# Simple Linear Regression

Let's use the very, very small 'buildings' dataset to see several different ways to conduct simple linear regression in Python. We'll also do some plotting.

----

In [None]:
# import packages
import pandas as pd
import matplotlib.pyplot as plt
import seaborn as sns

In [None]:
# Read the data into a DataFrame from the .csv file and look at its shape


In [None]:
# Small data set so print the whole thing out


## Correlation

Recall that correlation measures the strength and direction of the **linear** relationship between two variables. Also, remember that the correlation coefficient will the be same regardless of the order of the two variables. You, the human, must determine which variable is the output (the `y`) and which is the input/independent variable (the `x`).

In [None]:
# Find the correlation between just the two variables of interest


In [None]:
# Find the correlation in the other direction to verify it will be the same


In [None]:
# Find the entire correlation matrix


### Heatmap

Even though the `Year` variable doesn't make a lot of sense of this dataset, we still went ahead and calculated the full correlation matrix. One of the nice and easy to use methods in the `seaborn` package is the `.heatmap()` method. You will often send a correlation matrix to it to see a nice picture of the correlations.

In [None]:
# Plot a heatmap of the correlation matrix


### Plotting the Data

Continuing with using `seaborn`, let's create a scatter plot and add the fitted OLS regression line.

In [None]:
# Use relplot from seaborn to plot the data as a scatterplot


In [None]:
# Use regplot to add a regression line to scatter


In [None]:
# Use lmplot to add a regression line to scatter 


#### Using a `jointplot`

Within `seaborn` we have a function called `jointplot()` that can create a scatter plot, add the regression line, and add histograms for the two variables. This functionality can be superuseful when we have a lot of data. Here, we only have seven data points, so it will not add much value. However, let's go ahead and create one to see it in action.

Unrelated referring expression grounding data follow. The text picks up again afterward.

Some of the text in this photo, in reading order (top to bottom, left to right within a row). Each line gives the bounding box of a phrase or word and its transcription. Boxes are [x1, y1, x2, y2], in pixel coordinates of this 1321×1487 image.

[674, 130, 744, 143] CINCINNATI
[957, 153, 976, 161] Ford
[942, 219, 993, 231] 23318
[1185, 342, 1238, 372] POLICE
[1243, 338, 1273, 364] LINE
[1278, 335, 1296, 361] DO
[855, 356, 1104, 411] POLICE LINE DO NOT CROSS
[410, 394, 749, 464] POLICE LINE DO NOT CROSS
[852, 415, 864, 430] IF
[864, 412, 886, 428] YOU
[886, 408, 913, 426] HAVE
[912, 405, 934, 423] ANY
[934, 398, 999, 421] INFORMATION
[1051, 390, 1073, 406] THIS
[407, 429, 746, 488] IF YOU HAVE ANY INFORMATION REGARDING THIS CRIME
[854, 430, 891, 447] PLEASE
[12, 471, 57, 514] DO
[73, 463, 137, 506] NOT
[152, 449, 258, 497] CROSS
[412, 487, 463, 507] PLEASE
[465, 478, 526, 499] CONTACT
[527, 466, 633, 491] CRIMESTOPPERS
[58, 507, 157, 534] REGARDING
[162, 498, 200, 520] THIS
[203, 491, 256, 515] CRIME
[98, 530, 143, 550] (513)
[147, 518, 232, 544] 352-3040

### Where is the Regression Equation?
Unfortunately, we cannot get the regression equation from `regplot` nor `lmplot`. (Remember, `seaborn` is a visualization package, not a statistical one.) We could use `numpy` to get it. Another option is to use the `statsmodels` package. Let's try that instead.

----

## Using the `statsmodel` api
That was a lot of work; there has got to be a better way. There are multiple better ways and we will look at one now. We can use the [statsmodels library](https://www.statsmodels.org/stable/index.html).

In [None]:
# If we were importing the entire api we would use the following
#import statsmodels.formula.api as smf

# Because we know we are only going to OLS, let's just import it
from statsmodels.formula.api import ols

In [None]:
# Fit an OLS model and store it in a variable called results
# Use the statsmodels library to fit an OLS model
# Store the fit in a variable called 'results'


In [None]:
# What is results?


In [None]:
# Call .summary() on the results variable


In [None]:
# Let's just look at the coefficients table


In [None]:
# You can get the intercept and slope using .params


In [None]:
# What is results.params?


In [None]:
# Lots of other attributes on the results object
# Fitted values (that's the estimated y-hat values)


In [None]:
# We can get the sum squares due to regression (explained sum of squares)
# and the sum of squared residuals (errors)


In [None]:
# We can get the MSE for regression, MSE for residuals


In [None]:
# R-squared is easy too


#### Plotting the Residuals / Errors
We often want to plot the residuals / errors to help us determine the appropriateness of the linear model. It is easy to get the residuals from our regression results. We'll print out the residuals and then plot them two different ways.

In [None]:
# We can also get and print the residuals (errors)


In [None]:
# Plot the residuals using a scatter plot


In [None]:
# seaborn has a convenience function called residplot()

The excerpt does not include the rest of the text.